Ada dua hal yang membuat Bajra berpikir jika dia harus segera bertindak. Pertama, hari sudah pagi; terlihat dari paparan cahaya mentari dari lubang jendela yang sempit. Kedua, orang-orang yang semalaman menjaganya kini tertidur.
Namun, ada kendala yang membuat Bajra tidak bebas untuk bertindak. Nyaris sekujur tubuh anak remaja itu diikat oleh tali. Matanya pun ditutup sehelai kain dengan maksud mengurangi kemampuannya untuk mengamati.
Aku kesulitan bergerak. Aku pun sulit memastikan bagaimana keadaan di tempat ini.
Apabila Bajra terdiam saja di sudut gudang, maka nasibnya tidak akan lebih baik dari Abimana yang kini teronggok di dasar sumur tua.
Aku harus segera menyampaikan pesan dari Paman Abimana kepada orang-orang di kantor Koran Batavia.
Begitulah isi pikiran anak bertubuh gempal itu. Bajra berburu dengan waktu.
Bola mata Bajra masih bisa melihat sekeliling meskipun tidak jelas. Kain yang menutup matanya hanya bisa melihat cahaya dengan remang-remang. Jika cahaya mentari terbentuk sebagaimana jendela tempatnya masuk. Maka ada cahaya lain yang terletak tidak jauh dari sudut gudang tempat anak itu teronggok tak berdaya.
Itu cahaya lentera.
Semalam, Bajra bisa tertidur lelap. Tubuhnya cukup beristirahat, maka dari itu dia pun memiliki cukup tenaga untuk bergerak.
Meskipun bergerak seperti ulat.
Bagi dia, membutuhkan sedikit waktu untuk mendekati sumber cahaya. Tentu saja dia tidak boleh menimbulkan suara karena bisa membangunkan orang-orang yang sedang tertidur.

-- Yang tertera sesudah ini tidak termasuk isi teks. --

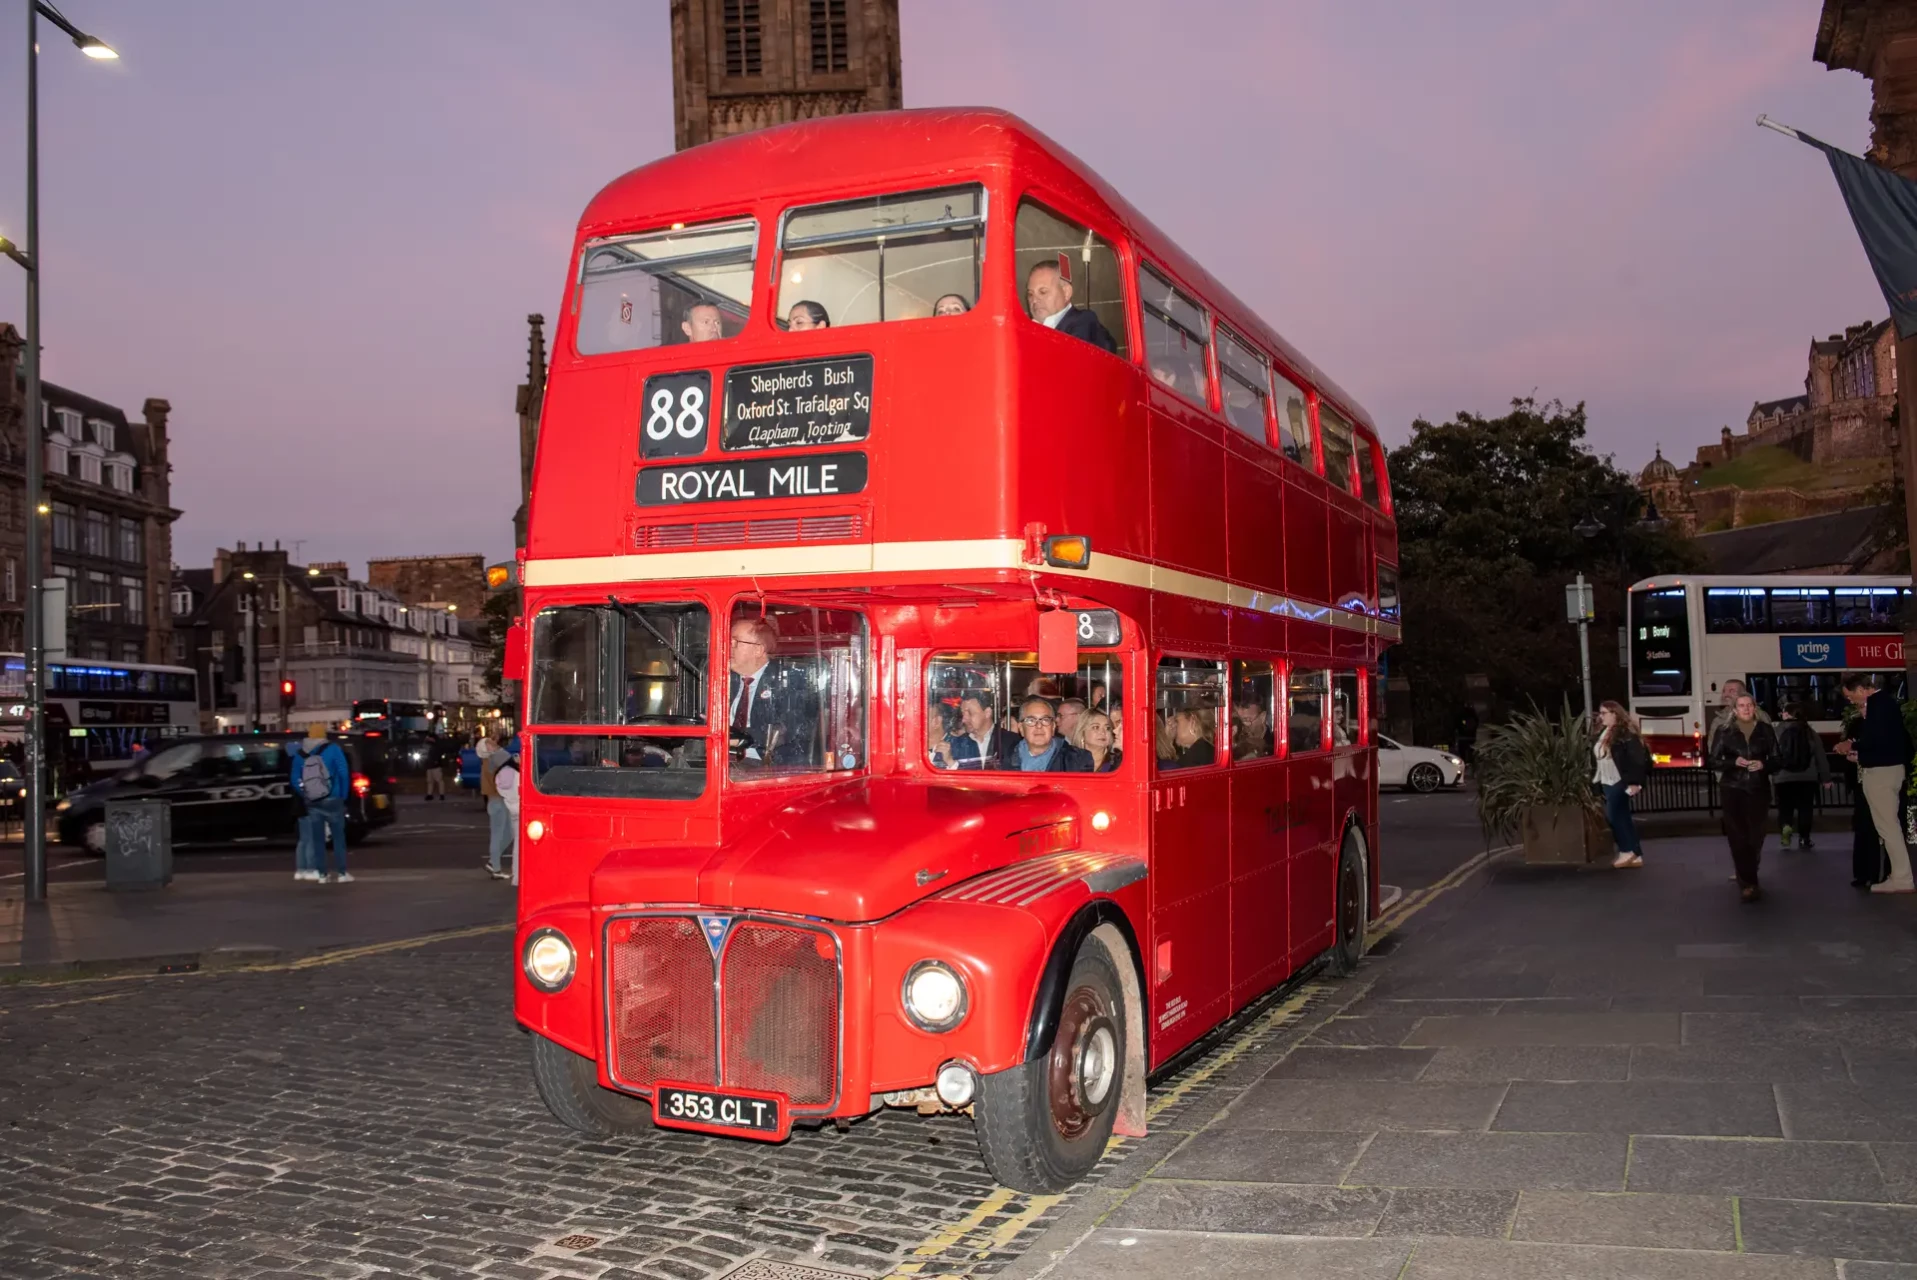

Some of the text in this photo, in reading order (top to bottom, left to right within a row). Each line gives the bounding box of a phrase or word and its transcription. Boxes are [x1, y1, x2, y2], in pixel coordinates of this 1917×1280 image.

[751, 366, 854, 395] Shepherds Bush
[646, 386, 704, 440] 88
[737, 391, 870, 420] Oxford St. Trafalgar Sq
[748, 420, 852, 443] Clapham Tooting
[661, 464, 839, 500] ROYAL MILE
[1797, 642, 1830, 655] prime
[1858, 645, 1881, 657] THE
[9, 704, 26, 716] 47
[670, 1093, 767, 1126] 353 CLT

Meskipun aku tidak bisa memastikan apakah mereka benar-benar tidur atau sudah bangun.
Hanya saja, tidak terdengar suara apa pun selain suara dengkuran seorang manusia. Tidak ada lagi manusia lain di sana selain dua orang penjaga yang semalam menangkap Bajra ketika berusaha bersembunyi di dalam gorong-gorong. Selain kedua manusia tersebut, besar kemungkinan jika ada tikus yang berkeliaran dalam gudang yang tidak bisa dipastikan seluas apa.
Tidak tahu juga, apa isi di dalam gudang ini.

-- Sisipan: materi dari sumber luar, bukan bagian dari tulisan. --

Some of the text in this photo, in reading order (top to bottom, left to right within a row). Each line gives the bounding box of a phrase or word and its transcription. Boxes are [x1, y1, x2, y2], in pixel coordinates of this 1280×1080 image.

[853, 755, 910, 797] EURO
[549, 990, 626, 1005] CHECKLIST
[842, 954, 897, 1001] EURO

Hal yang dia rencanakan, segera dilaksanakan tanpa bisa menunda-nunda lagi. Hingga, Bajra bisa mencium bau asap di dekat hidungnya.

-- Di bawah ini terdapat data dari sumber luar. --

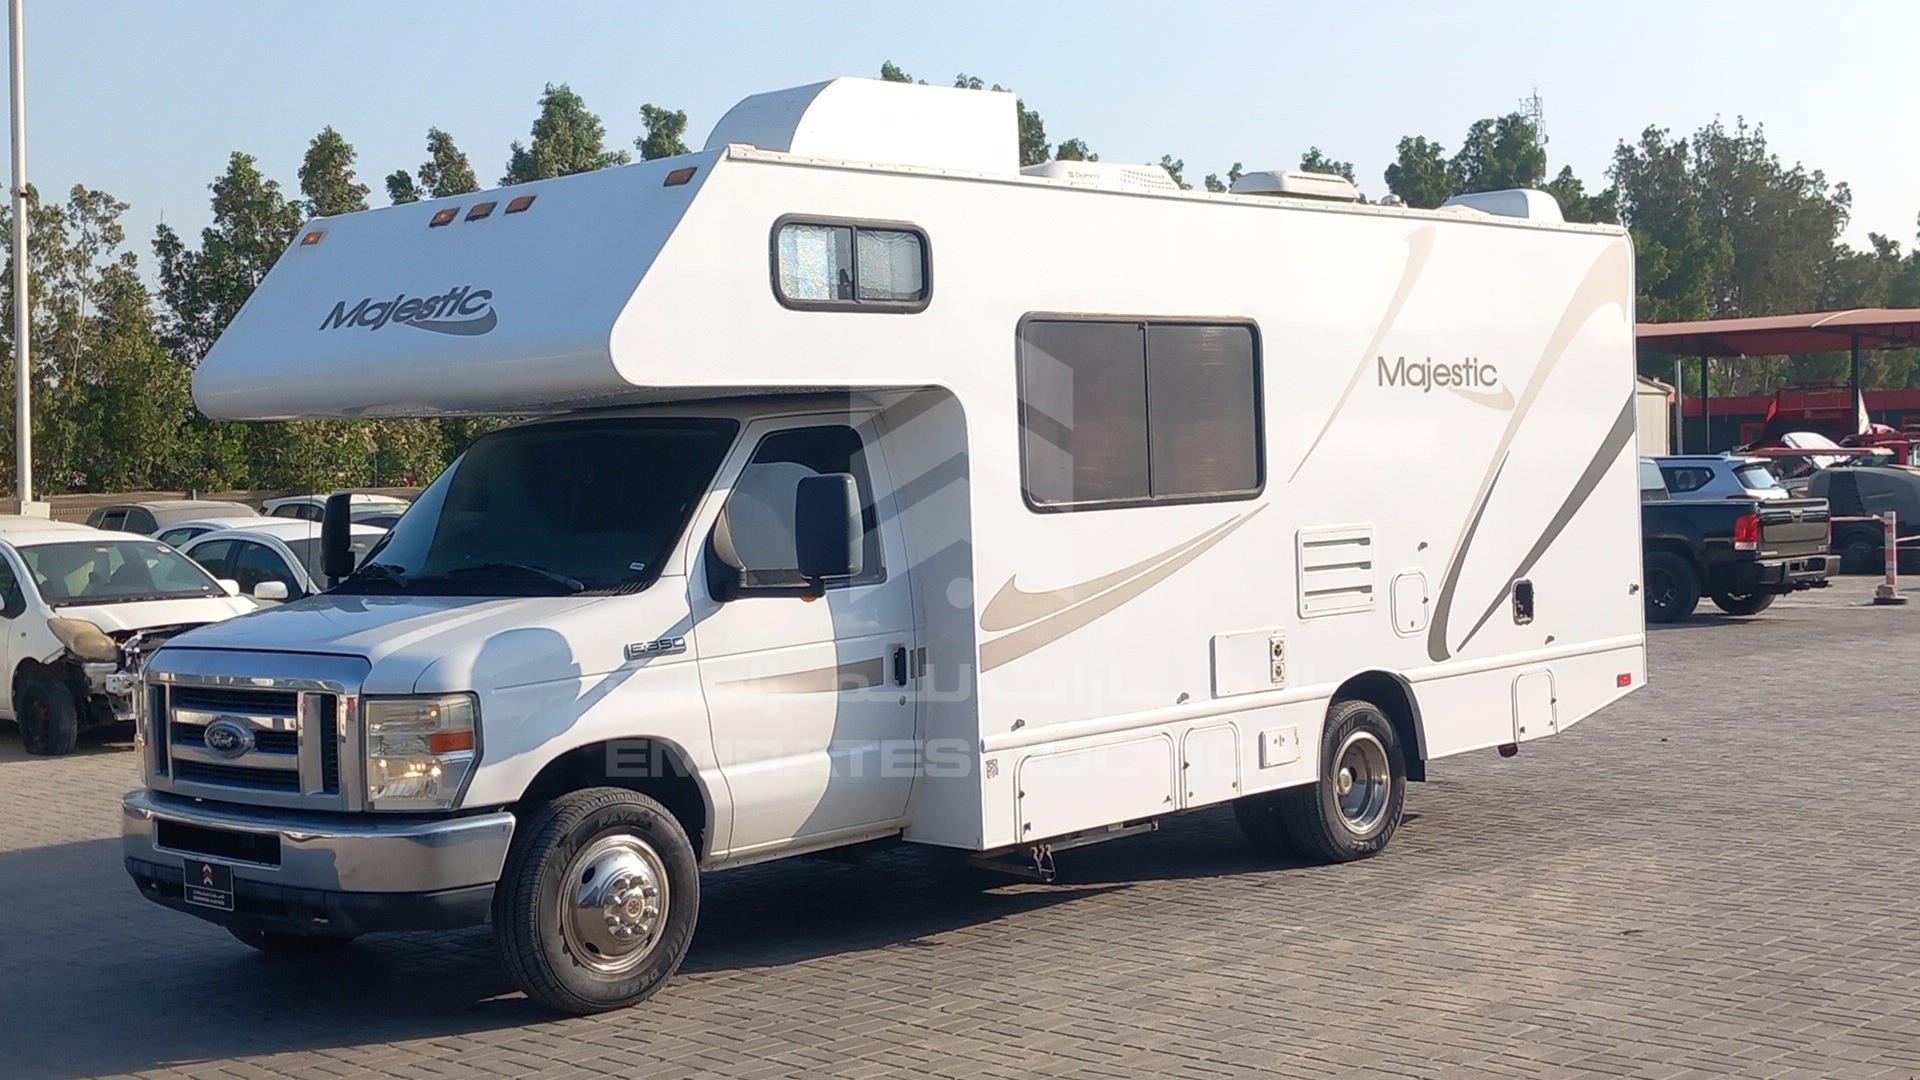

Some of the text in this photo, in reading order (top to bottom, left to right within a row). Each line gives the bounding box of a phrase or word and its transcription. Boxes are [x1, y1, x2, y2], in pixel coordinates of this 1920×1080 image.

[319, 286, 493, 332] Majestic
[1377, 356, 1498, 394] Majestic
[211, 730, 233, 748] Ford

Tanpa ragu, kepalanya menyundul lentera itu.
Brakk!
Kaca lentera pecah, minyaknya tumpah entah menyentuh apa. Bajra berharap jika api menjilati minyak kemudian membakar benda di sekelilingnya.
Hal yang mengherankan, ketika lentera pecah tidak ada orang yang bicara mengomentari kejadian apalagi marah-marah. Kedua anak buah Burhan tertidur begitu pulas. Bagi mereka, pagi hari merupakan waktu ideal untuk tertidur. Berbanding terbalik bagi sebagian manusia di Batavia, pagi hari menjadi waktu yang ideal untuk berkegiatan.
Hingga, beberapa menit kemudian terdengar suara orang yang terkaget-kaget, "sialan! Kebakaran!"
"Wah, wah, wah, kebakaran!"
Bajra bisa mengenali siapa orang yang berteriak. Dapat dipastikan jika mereka adalah Si Pengawal dan Si Penjaga yang kini terbangun. Suhu ruangan meningkat seiring dengan membesarnya kobaran api. Si jago merah menjilat ke benda apa pun di dekatnya hingga menjalar ke berbagai sudut ruangan.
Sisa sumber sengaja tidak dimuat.